H.R. 785 would allow noncertified states and tribes to use certain SMCRA payments for non-coal reclamation. While we recognize the importance of addressing hardrock mine hazards, we cannot support this bill because it is inconsistent with the President's FY 2013 Budget proposal to limit funding derived from the abandoned mine lands fee on coal production to the reclamation of coal sites that pose the most danger to public health and safety and/or damage to the environment.

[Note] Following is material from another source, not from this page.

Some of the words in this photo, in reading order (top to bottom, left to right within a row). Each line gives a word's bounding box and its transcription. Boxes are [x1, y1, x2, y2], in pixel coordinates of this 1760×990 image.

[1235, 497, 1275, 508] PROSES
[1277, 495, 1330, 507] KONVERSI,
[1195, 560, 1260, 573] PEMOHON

The FY 2013 President's Budget includes a proposal to focus abandoned mine land (AML) funds on the critical coal reclamation sites in order to ensure that the most dangerous and environmentally damaging coal sites can be addressed before the AML fee expires in nine years. In addition to terminating unrestricted payments to certified states and tribes that have already cleaned up their abandoned coal mines, the proposal will competitively allocate funding for use on these hazardous and environmentally damaging coal reclamation projects. Recognizing the importance of addressing abandoned hardrock mines nationwide, the President's FY 2013 budget would build off these reforms to the coal AML program and create a parallel program for hardrock AML reclamation in order to address those sites. This proposal would ensure that the industries whose historic practices created abandoned mines bear the costs of addressing these hazards by paying a reclamation fee on production.
Through SMCRA, Congress established OSM for two basic purposes. First, to ensure that the Nation's coal mines operate in a manner that protects citizens and the environment during mining operations and to restore the land to beneficial use following mining. Second, to implement an AML program to address the hazards and environmental degradation created by two centuries of weakly regulated coal mining that occurred before SMCRA's enactment.

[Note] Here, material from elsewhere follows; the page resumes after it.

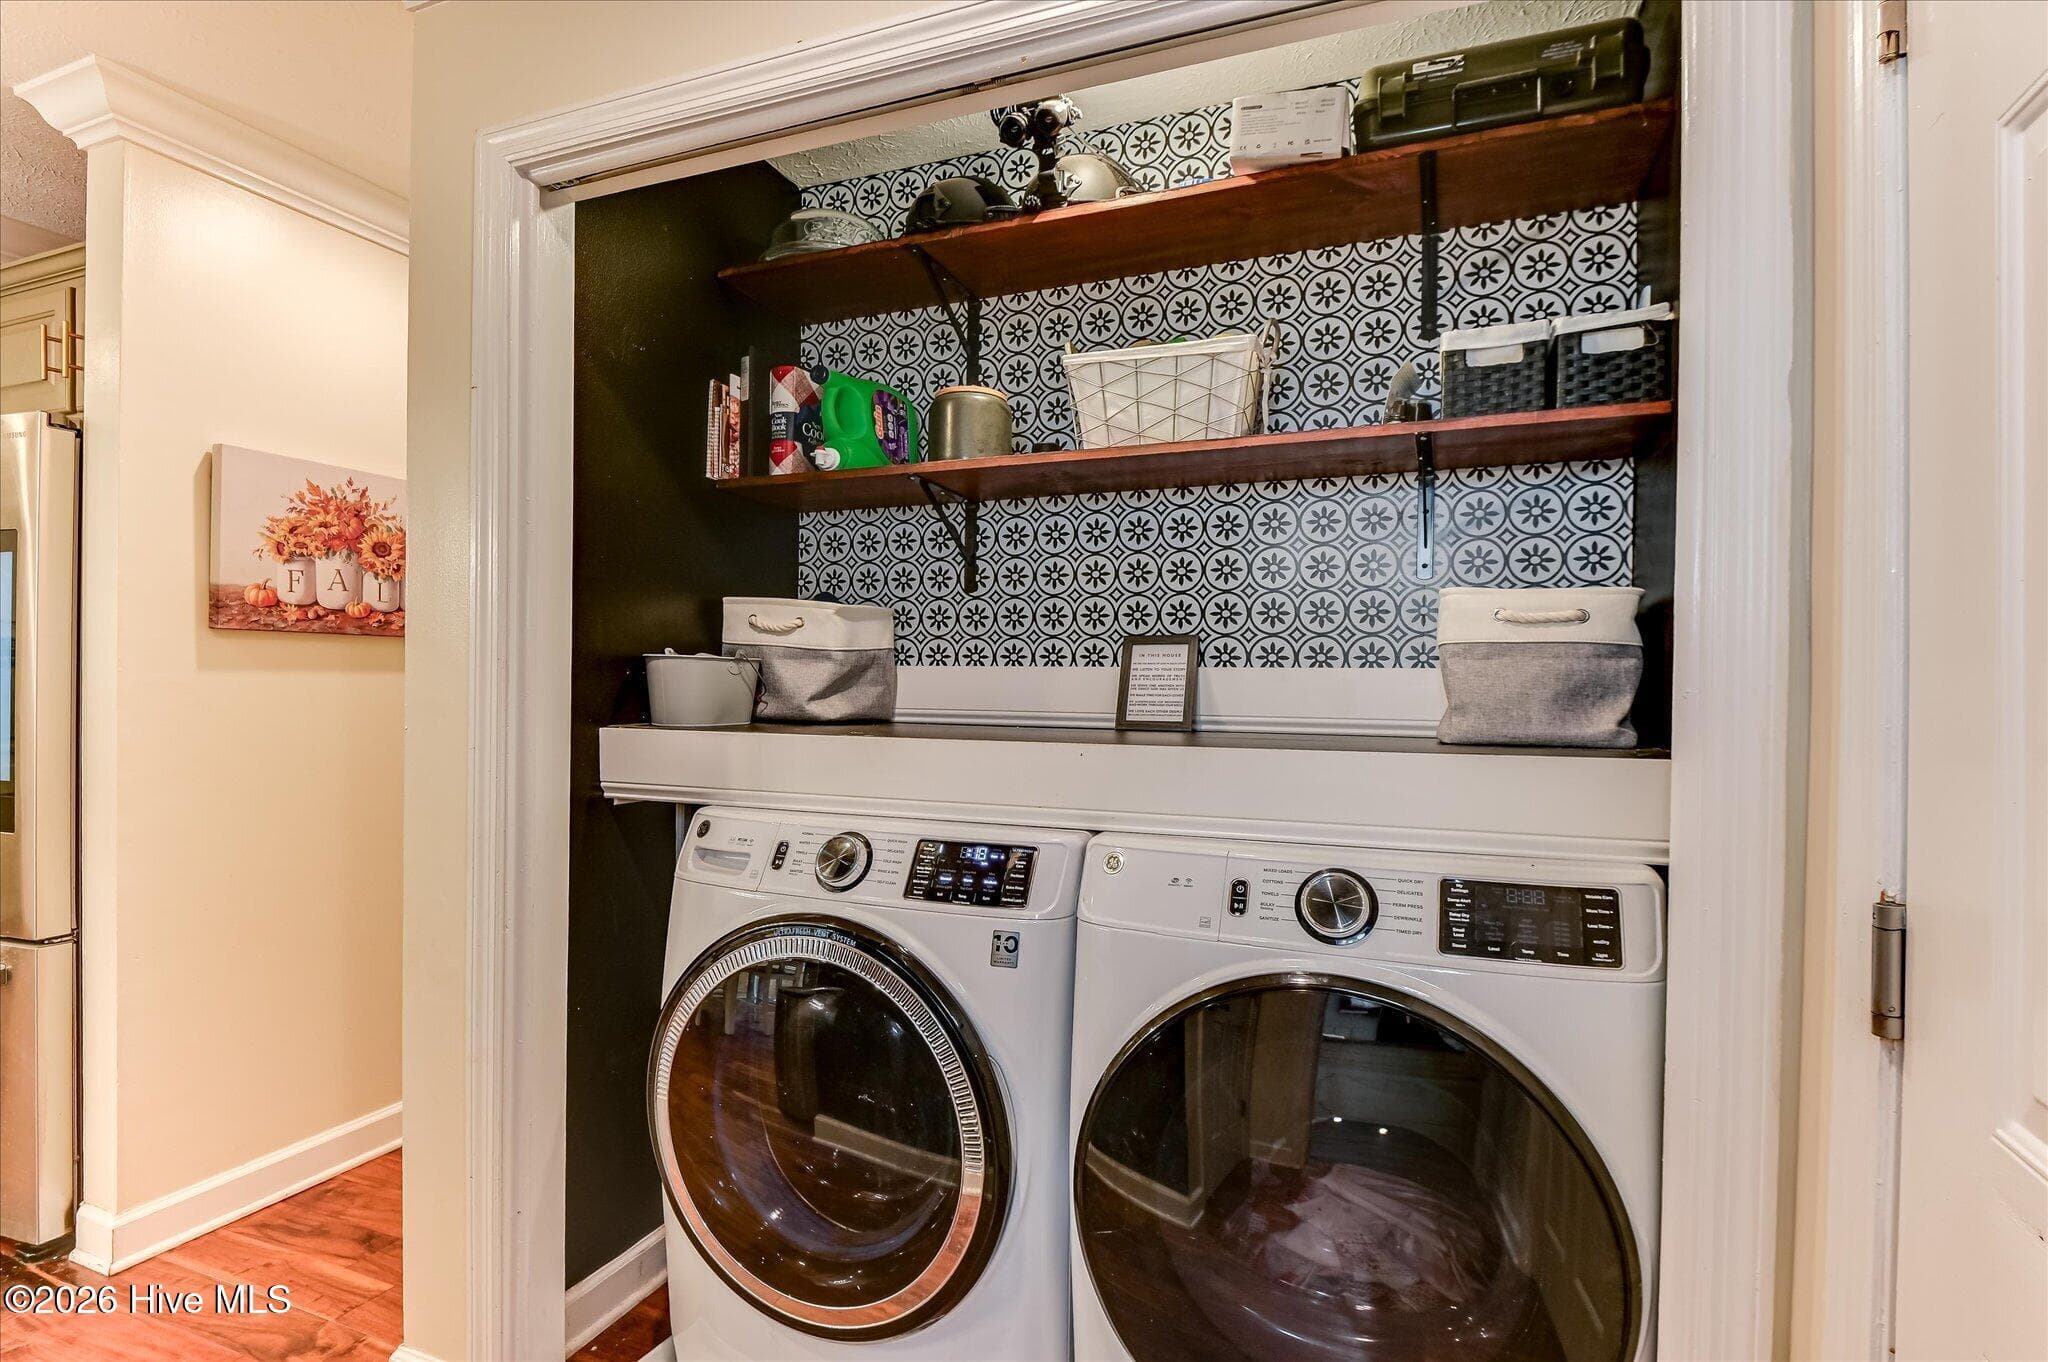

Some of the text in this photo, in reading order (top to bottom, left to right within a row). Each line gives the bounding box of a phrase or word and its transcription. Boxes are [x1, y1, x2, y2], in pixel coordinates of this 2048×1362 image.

Title IV of SMCRA created an AML reclamation program funded by a reclamation fee assessed on each ton of coal produced. The fees collected have been placed in the Abandoned Mine Reclamation Fund (Fund). OSM, either directly or through grants to States and Indian tribes with approved AML reclamation plans under SMCRA, has been using the Fund primarily to reclaim lands and waters adversely impacted by coal mining conducted before the enactment of SMCRA and to mitigate the adverse impacts of mining on individuals and communities. Also, since FY1996, an amount equal to the interest earned by and paid to the Fund has been available for direct transfer to the United Mine Workers of America Combined Benefit Fund to defray the cost of providing health care benefits for certain retired coal miners and their dependents. Section 402(a) of SMCRA fixed the reclamation fee for the period before September 30, 2007, at 35 cents per ton (or 10 percent of the value of the coal, whichever is less) for surface-mined coal other than lignite, 15 cents per ton (or 10 percent of the value of the coal, whichever is less) for coal from underground mines, and 10 cents per ton (or 2 percent of the value of the coal, whichever is less) for lignite. As originally enacted, section 402(b) of SMCRA authorized collection of reclamation fees for 15 years following the date of enactment (August 3, 1977); thus, OSM's fee collection authority would have expired August 3, 1992. However, Congress extended the fees and fee collection authority through September 30, 1995, in the Omnibus Budget Reconciliation Act of 1990. The Energy Policy Act of 1992 extended the fees through September 30, 2004. A series of short interim extensions in appropriations and other acts extended the fees through September 30, 2007.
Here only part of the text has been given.